Ben’inden yola çıkan şair, aşk dilinin tercümanı oluyor sanki; kutuplarda kar topacının peşisıra koşturan bir çocuğun yüreği, ekvatorda çelik çomak oynayanla aynı heyecanı terler.Ya da sevişmelerin dili çadıra veya saraya göre değişkenlik göstermez. İnsanlığın asıl türküsü doğa dilincedir; aramızdaki konuşmalarımız, söylemlerimiz, şiirimiz, öykümüz, hikayemiz, kısaca insana dair ne varsa doğal tarafından önemsendiği oranda ana gövdeye eklemlenir. Bu noktada doğal olanın sunulanı reddi veya kabulü sözkonusudur; kendine yakışanı seçecek, safranınsa yüzüne bile bakmayacaktır asal olan, yani doğal bütünlük. Şimdi, böylesine bir ihtişamın içerisinde insanın yapıp etmelerini düşünelim bir an; nasıl bir yaşamı, nasıl dostlukları arayıp, özlediğimize karar verelim içtenlikle. Şairin aşağıdaki dizelerini yüz yıl sonra okuyanın da benimseyeceğini söyleyebiliriz bu bağlamda:
“ bilirim incelik ister marifet ister/arkadaş seçmek de yar seçmek kadar/çünkü göreceğin küçük bir ihanet bile/adama evlat acısı gibi koyar…
aslında bir su damlası kadar hafiftir insan/bir söz kadar uçucu,bir reyhan kadar yabani/ve kırlangıçların gözleri kadar ürkek/eğer cesaretle doldurmamışsa kalbini”
Sen Tek Başına Değilsin-I, Acılar Yurdumdur, Kahveci Güzeli, Yakımlar, Gözyaşları Da Çiçek Açar, Sen Tek Başına Değilsin-2, Yurdumun Şiir Defteri isimli kitaplarını sığdırdığı kırkiki yıllık ömrü kavgalarla geçmiştir. Ölümünden hemen sonra basılan Ülkemin Şiir Atlası’nı da unutmadan anmakta yarar var. Yüreği insanlık sevgisiyle dolu şair henüz yirmiüç yaşında ve çiçeği burnunda bir öğretmenken sol propaganda yaptığı gerekçesiyle mahkemeye verilir 1966’da.1985’in Ağustos’una kadar, yani 8 Ağustos 1985 günü Silifke’den Anamur’a gitmek üzere bindiği minibüsün, hareket halindeyken kapısının açılarak düşüp öldüğü güne kadar çile ve hüzünle geçen zamanın ve zamanın içini acılarla bezeyen insanın şiirini yazar. Folklorik öğelerden, lirik anlatımlardan, Türkmenler’in ağıt ve türkülerinden olabildiğince yararlanır şiir adına. Toplumların tarihsel ve sınıfsal gerçekliklerinin içindeki dönüşüm, şiirinin ana eksenlerinden biri olur.

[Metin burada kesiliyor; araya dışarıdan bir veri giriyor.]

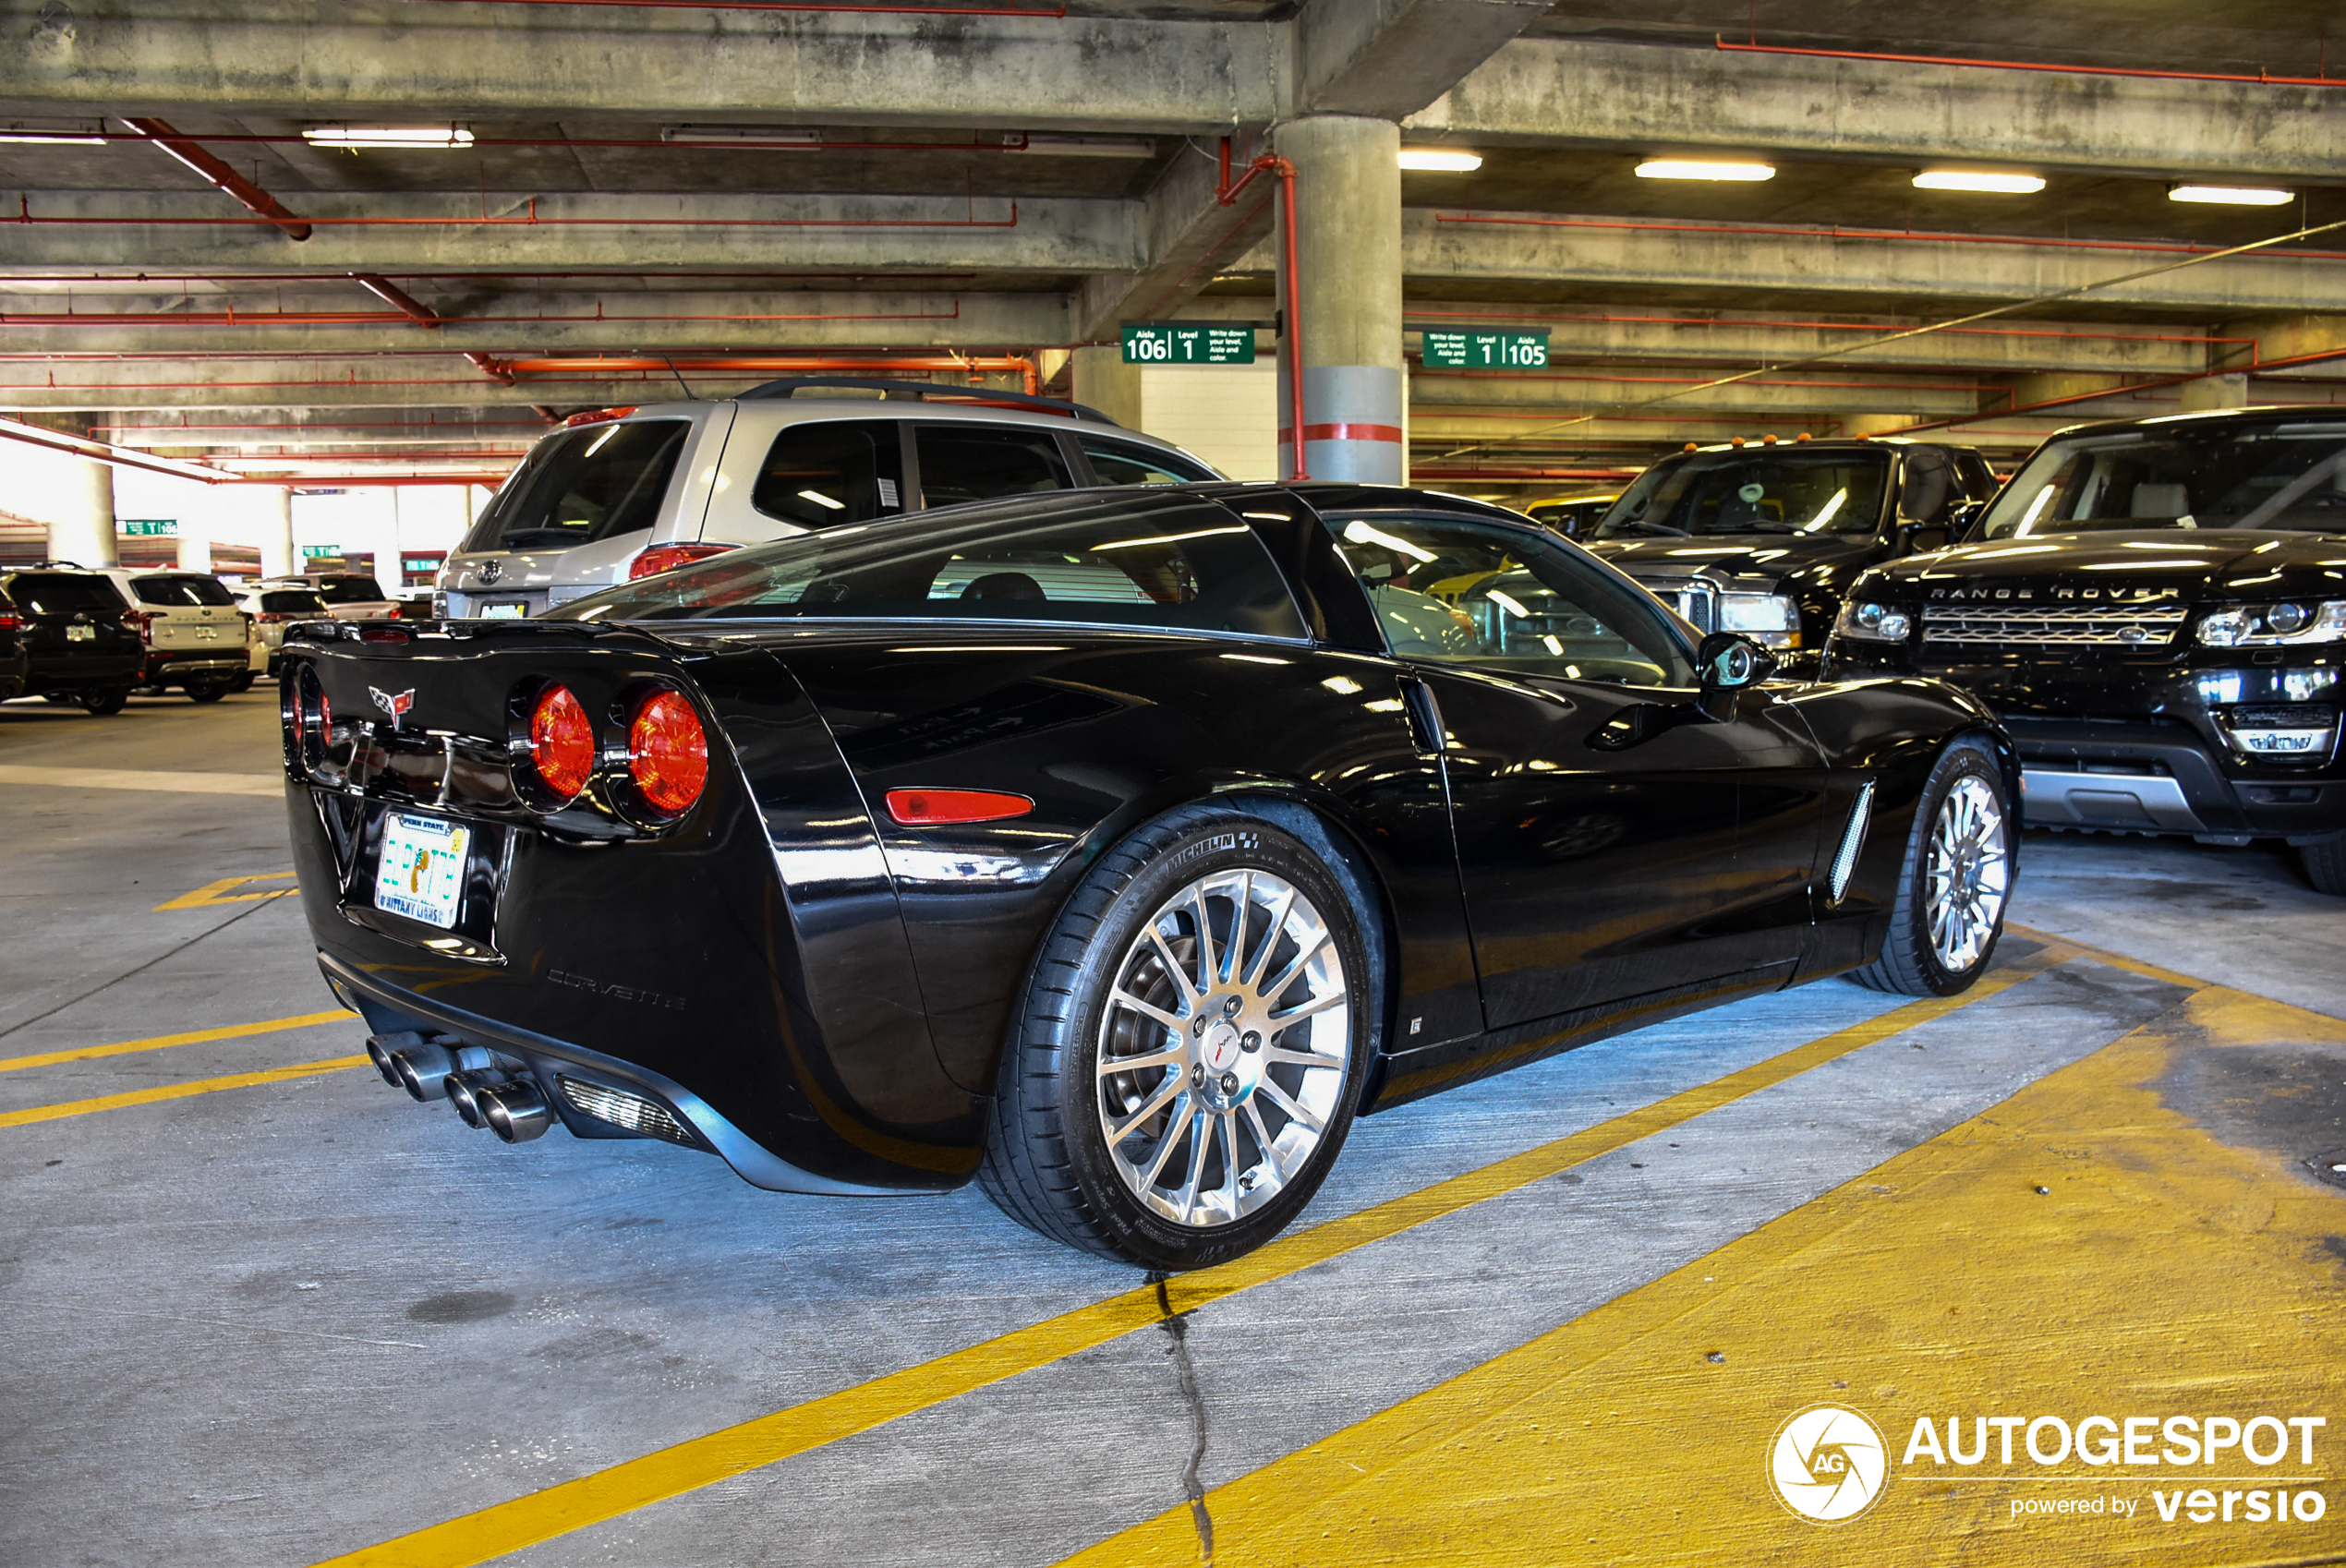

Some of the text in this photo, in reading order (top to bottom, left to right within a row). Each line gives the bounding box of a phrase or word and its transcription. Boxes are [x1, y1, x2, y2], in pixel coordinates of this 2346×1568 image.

Bataklık suyunu kevser olarak benimseyenlerin arasında yaşıyoruz. Arabeskliğin, sığlığın, alkolikliğin vb. olumsuzlukların en uç halkasına öte yaşam düşcüleri eklendi bugün. Tanrısıyla sarmaş dolaş, dünyasından vazgeçmiş, hakkını, hukukunu mizan köprüsünde (!) alacağına inanan ve inandıkça da sömürülenlerin yazıp söylediklerini okuyoruz dergilerde; su başını tutan üç beş usta(!) nın pompalamasıyla mehdiliğe soyunacak neredeyse genç şair. Şiirin cin’inden söz ediliyor dostlar. Cini, şeytanı, meleği dillendirenlerin iki bin yıl öncenin şairinden hiç farkı yok demek ki. İki bin yıl önce de her kapıya, her eşiğe bir cin yakıştırıyordu insan. Hadi o zaman bilgisizdi, bilimsizdi ya şimdi evrenin sınırlarını zorlarken böylesine gerilere özlemin ve gerilerdeki yaşam biçiminin bugüne giydirilme çabasının anlamını nasıl yorumlayacağız? Din, afyondur deyip çekilecek miyiz geriye? Arka plânda, kalabalığın şaşkınlığına kahkahalarla gülen şarlatanları görmeyecek miyiz? İçinde yaşadığımız zaman dilimini enine boyuna düşündüğümde ürpertiler içinde boğuluyorum. Yalnız mı kaldık korkusuyla genleşiyor mekânlar. İşte tam bu an da A.Bulut’un deyişi yetişiyor imdadıma:
“Sen tek başına değilsin/yağmurda koşan taylar gibi/ve toprağı iyice kavrayan/kökler kadar akranın var/omuzlarında hayat ve şiir/alın terinden bir yürüyüş…”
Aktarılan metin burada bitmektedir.